→ DIRECTIONS FOR THIS TASK:
Omit the images, then print each record below exactly as it reads.

→ THE INPUT:

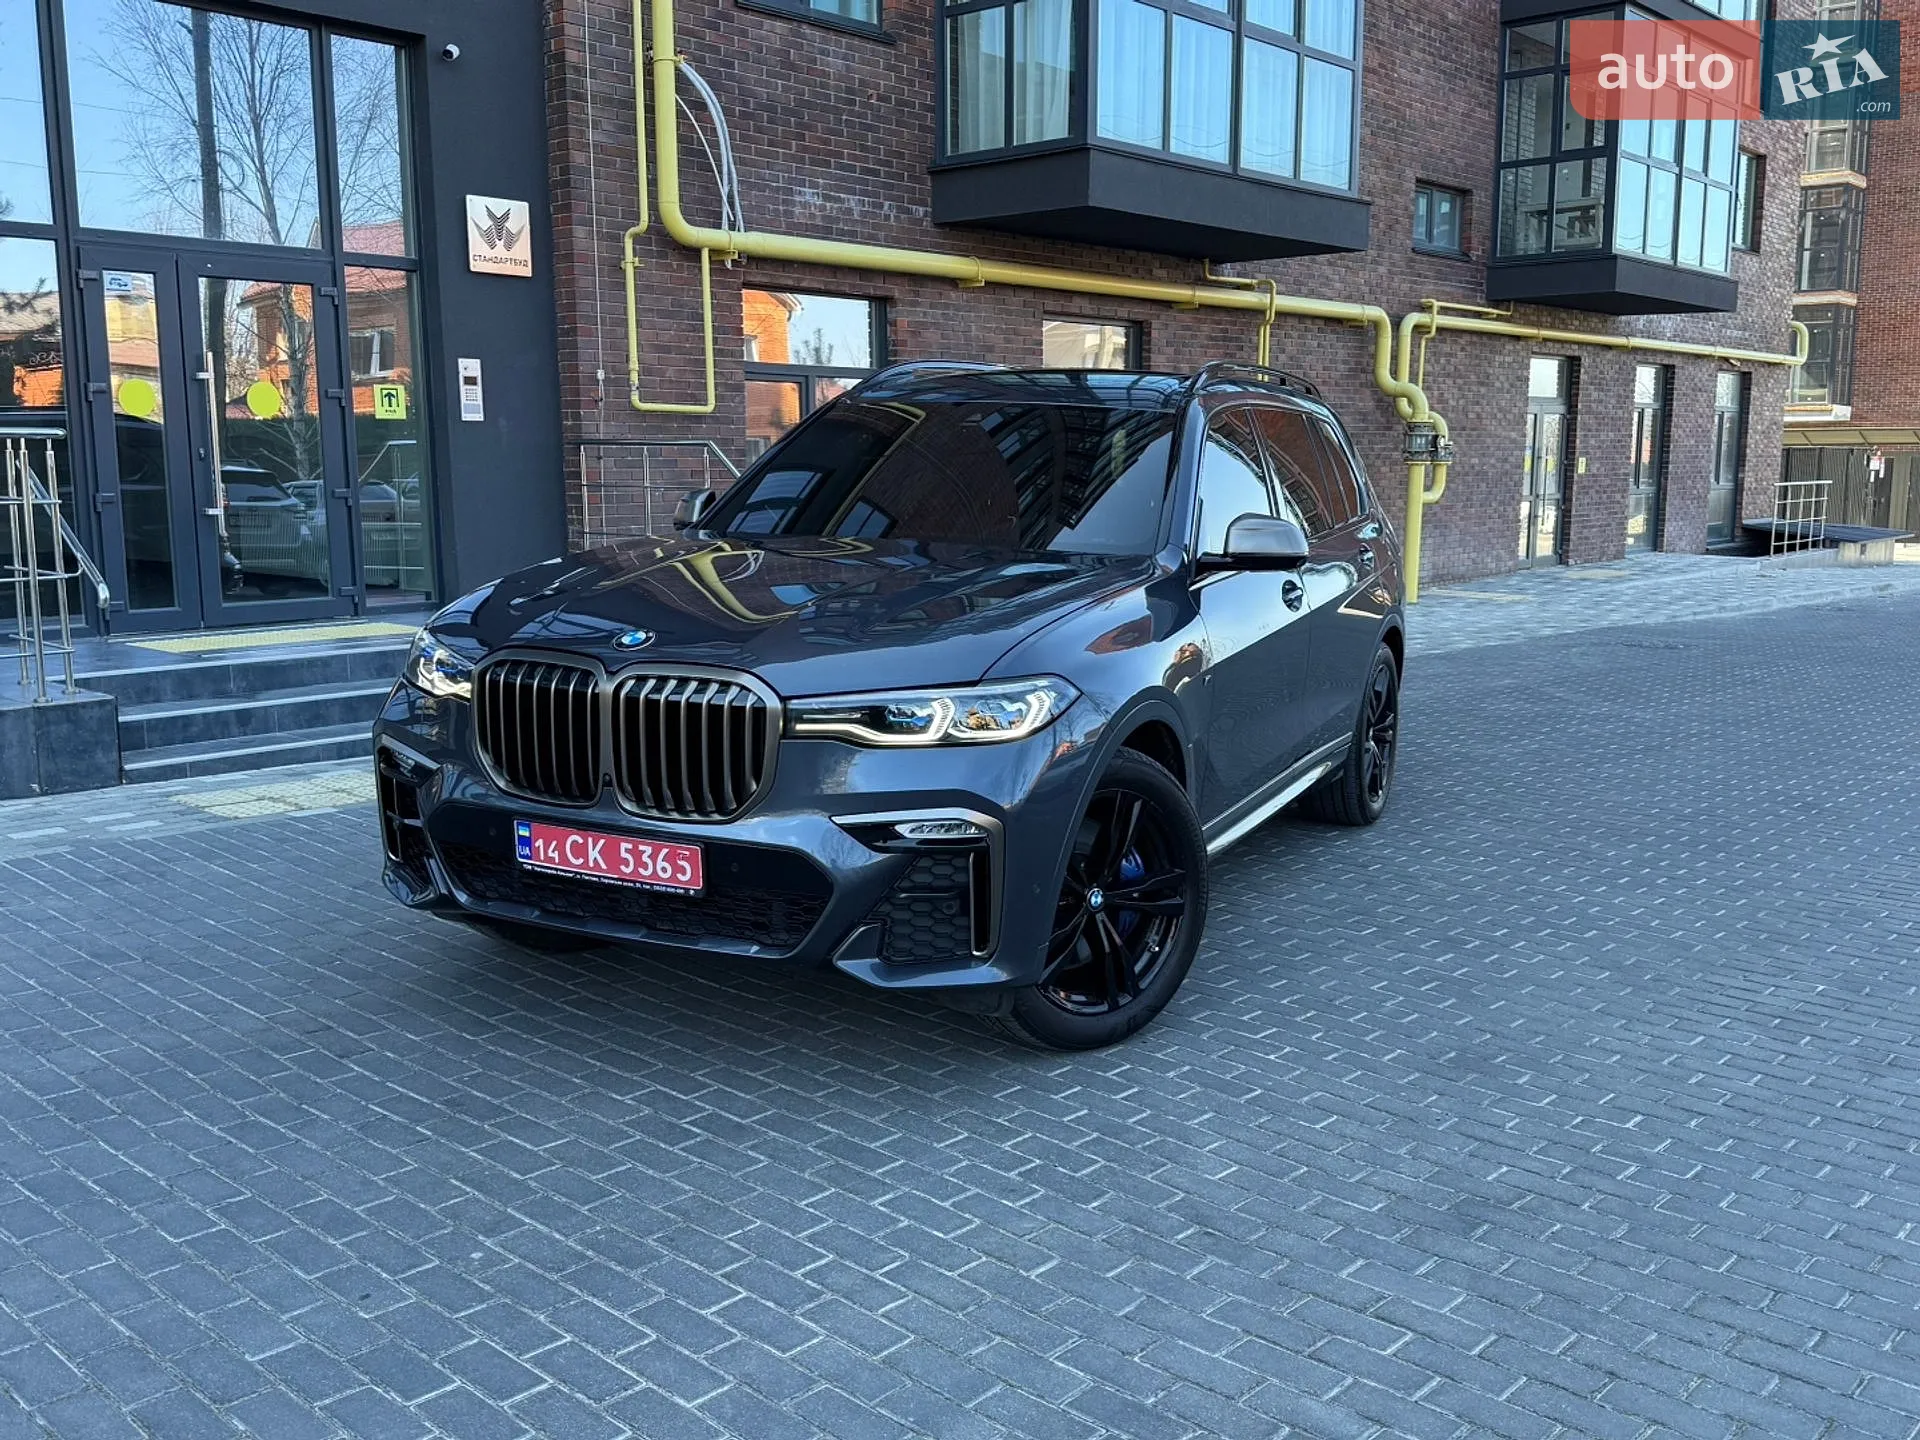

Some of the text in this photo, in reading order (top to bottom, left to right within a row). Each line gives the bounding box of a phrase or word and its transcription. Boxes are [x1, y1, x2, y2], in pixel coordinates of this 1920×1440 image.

[472, 254, 529, 268] СТАНДАРТБУД
[518, 845, 531, 857] UA
[534, 838, 559, 863] 14
[619, 842, 692, 882] 5365

→ ANSWER TO THIS EXERCISE:
Some of the text in this photo, in reading order (top to bottom, left to right within a row). Each line gives the bounding box of a phrase or word and its transcription. Boxes are [x1, y1, x2, y2], in pixel coordinates of this 1920×1440 image.

[472, 254, 529, 268] СТАНДАРТБУД
[518, 845, 531, 857] UA
[534, 838, 559, 863] 14
[619, 842, 692, 882] 5365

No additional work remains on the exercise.